CHAMPAIGN, Ill. Researchers have discovered a mechanism by which Helicobacter pylori, the only known cancer-causing bacterium, disables a tumor suppressor protein in host cells.
The new study, in the journal Oncogene, reports the discovery of a previously unknown mechanism linking H. pylori infection and stomach cancer, the second leading cause of cancer deaths worldwide.
About two-thirds of the world's population is infected with H. pylori, a bacterium that can survive in the harsh environment of the stomach. Most infected people never develop disease.

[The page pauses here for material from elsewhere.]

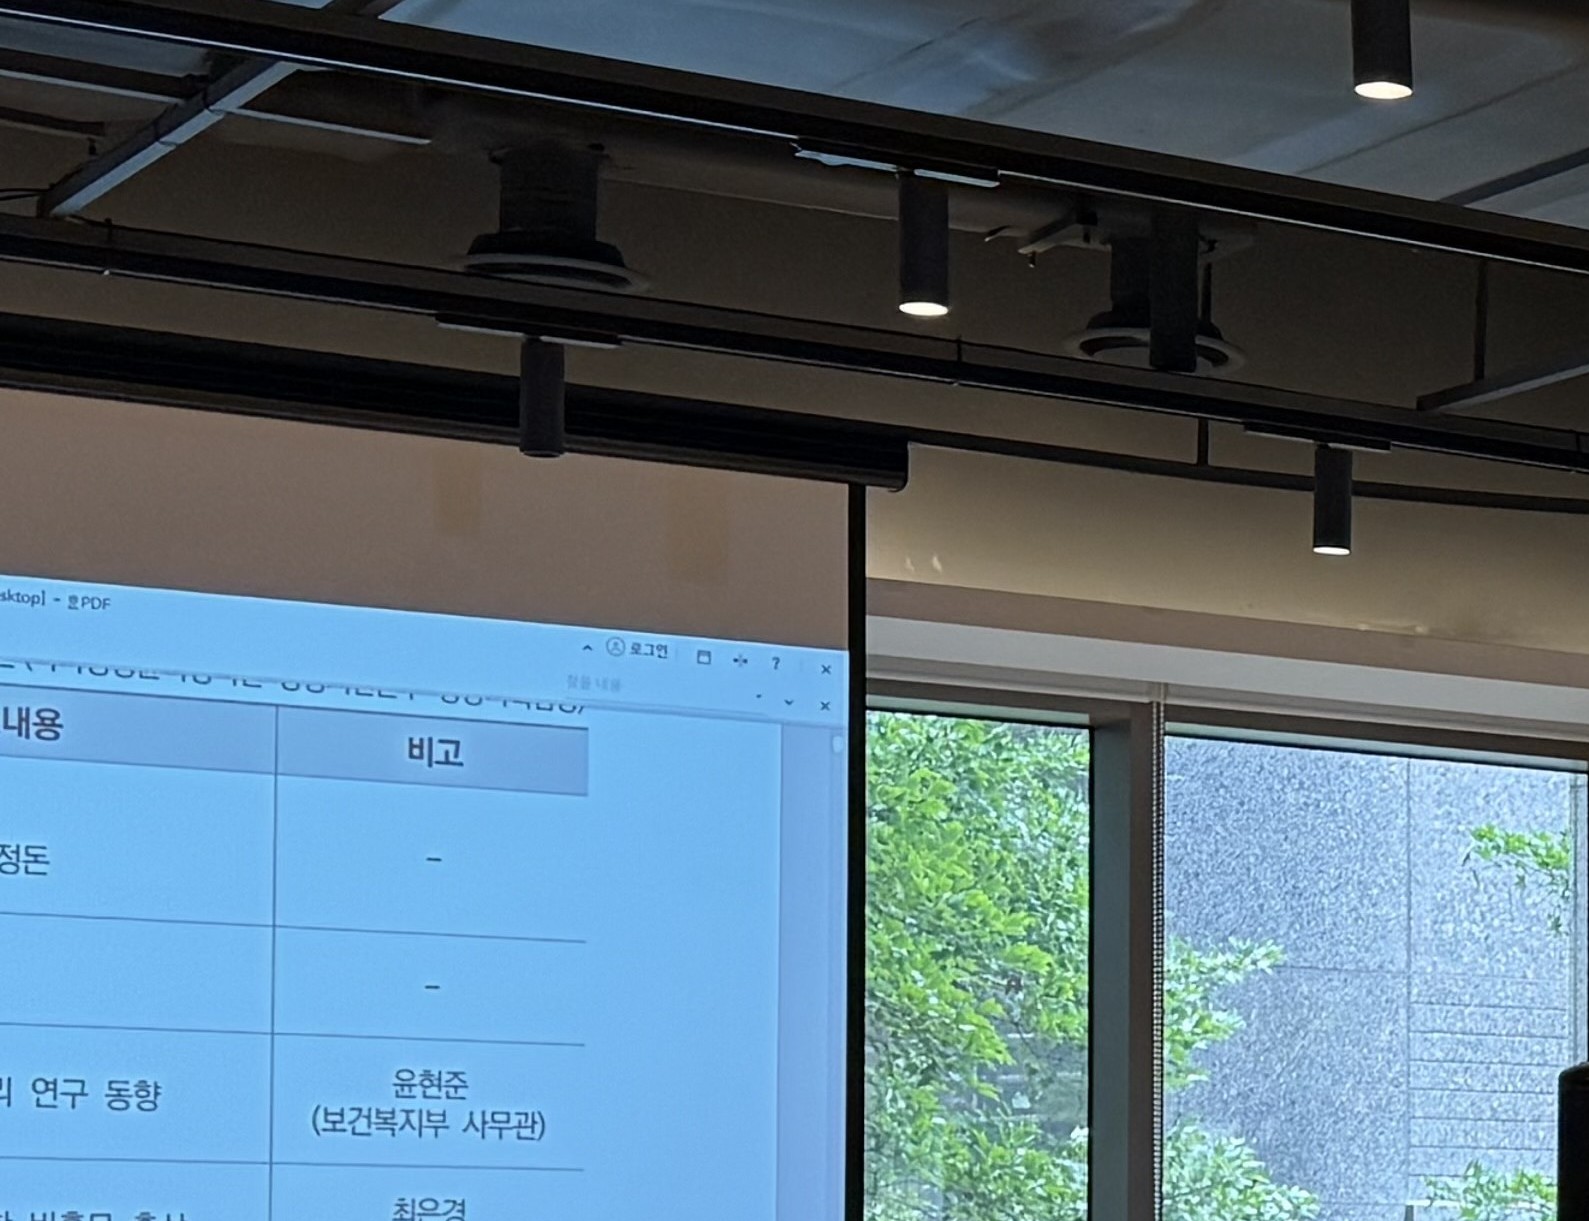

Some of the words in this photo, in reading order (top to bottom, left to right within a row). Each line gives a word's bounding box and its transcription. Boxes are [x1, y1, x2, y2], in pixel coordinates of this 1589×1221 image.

For a significant minority, however, infection with H. pylori leads to inflammation, ulcers and in some cases, stomach (gastric) cancer.
H. pylori's ability to cause disease is closely associated with a virulence protein called CagA. Previous studies have found that CagA-positive strains are much more likely to cause inflammation and spur the abnormal cell division and growth of cells that lead to cancer.
H. pylori injects CagA into the epithelial cells that line the stomach. Within the cells, CagA is able to hijack various signaling pathways and disrupt proper cellular functions.
Other studies have identified RUNX3 (pronounced RUNKS-three) as an important gastric cancer tumor suppressor.
Loss of expression of RUNX3 is causally associated with the development of gastric cancer, said University of Illinois medical biochemistry professor Lin-Feng Chen, who led the study. RUNX3 guards against tumor formation by spurring the production of factors that target unhealthy cells for destruction.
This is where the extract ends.